Image-backed grounding data
* * *
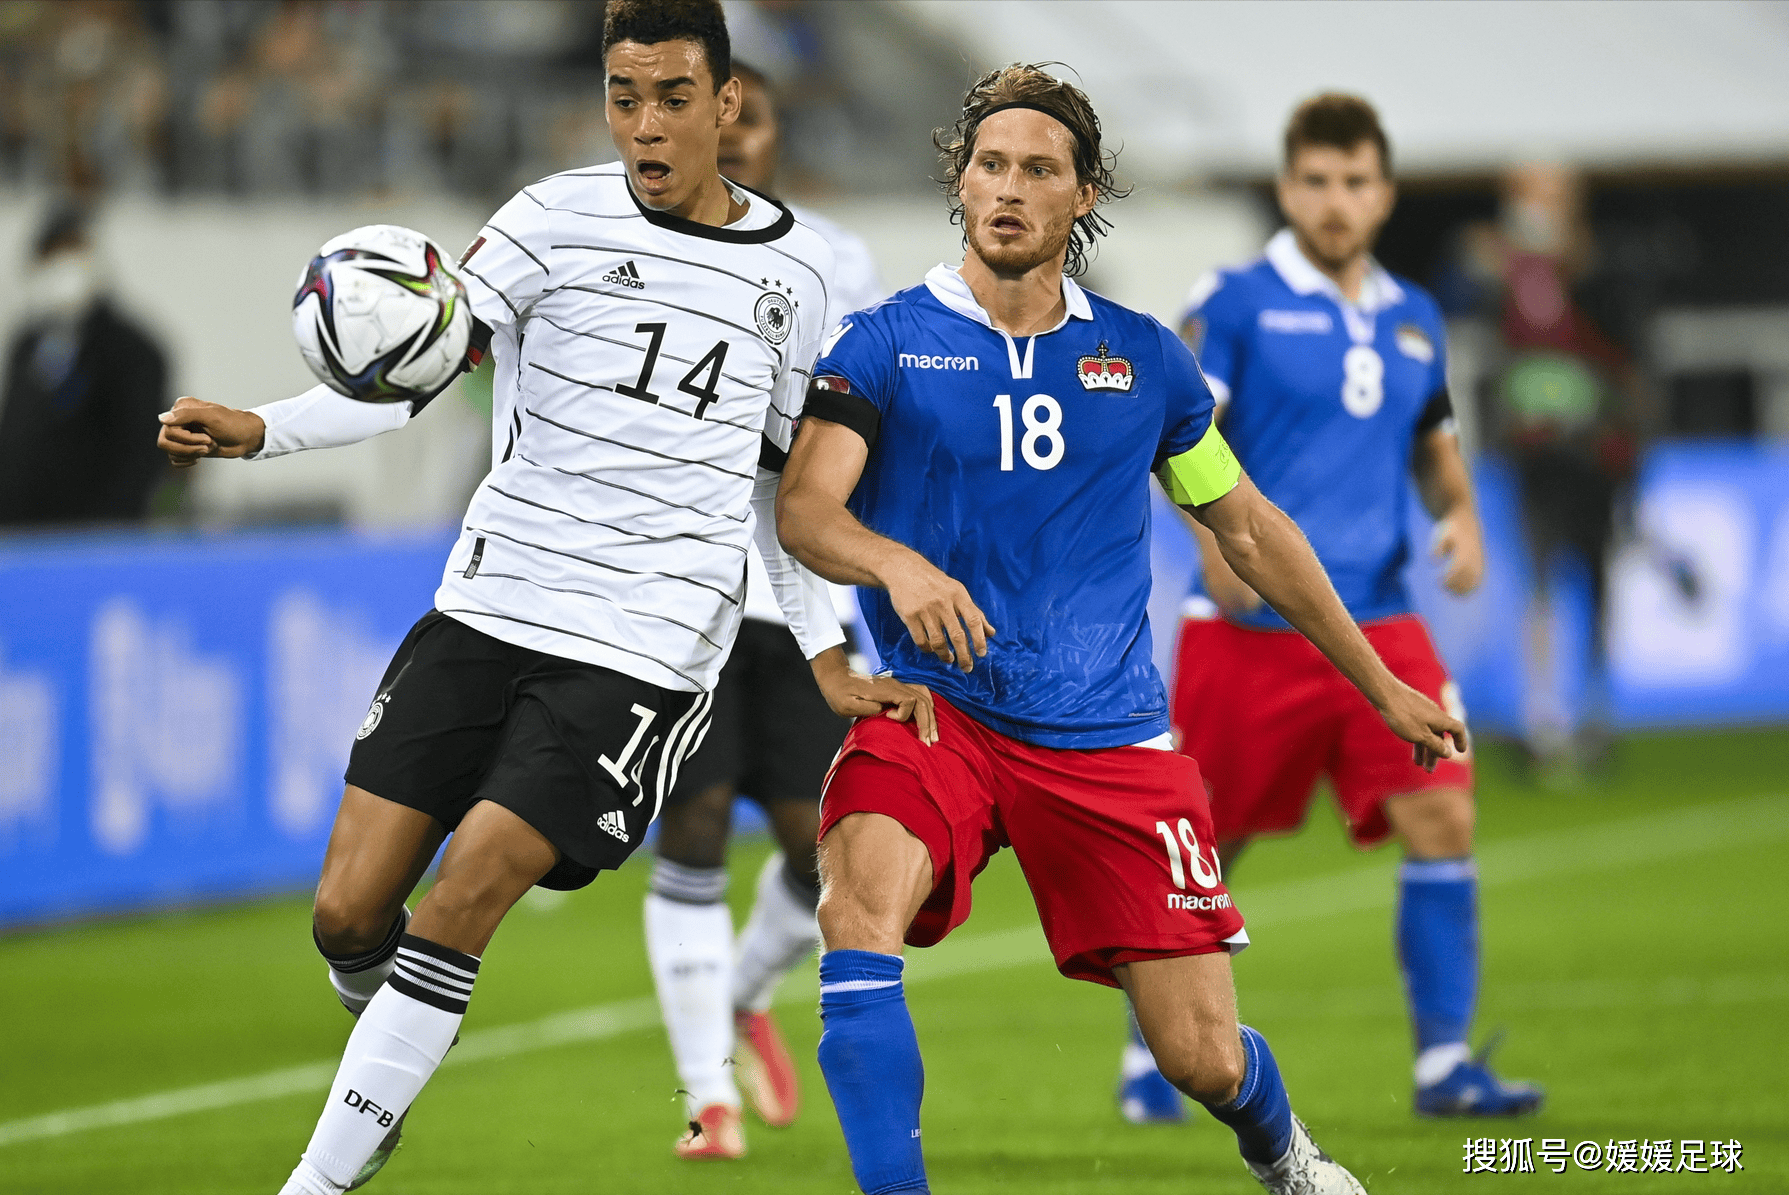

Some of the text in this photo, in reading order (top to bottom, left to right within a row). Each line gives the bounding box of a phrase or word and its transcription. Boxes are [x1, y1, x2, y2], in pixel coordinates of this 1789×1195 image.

[602, 274, 646, 290] adidas
[614, 322, 730, 421] 14
[898, 353, 979, 371] macron
[1342, 345, 1384, 419] 8
[993, 393, 1065, 471] 18
[596, 816, 630, 843] adidas
[1156, 817, 1219, 890] 18
[1167, 892, 1233, 911] macron
[343, 1088, 394, 1128] DFB
* * *
PROMPT
Quote each record exactly as it stands, minus the pictures.

ANSWER BOX
Some of the text in this photo, in reading order (top to bottom, left to right within a row). Each line gives the bounding box of a phrase or word and its transcription. Boxes are [x1, y1, x2, y2], in pixel coordinates of this 1789×1195 image.

[602, 274, 646, 290] adidas
[614, 322, 730, 421] 14
[898, 353, 979, 371] macron
[1342, 345, 1384, 419] 8
[993, 393, 1065, 471] 18
[596, 816, 630, 843] adidas
[1156, 817, 1219, 890] 18
[1167, 892, 1233, 911] macron
[343, 1088, 394, 1128] DFB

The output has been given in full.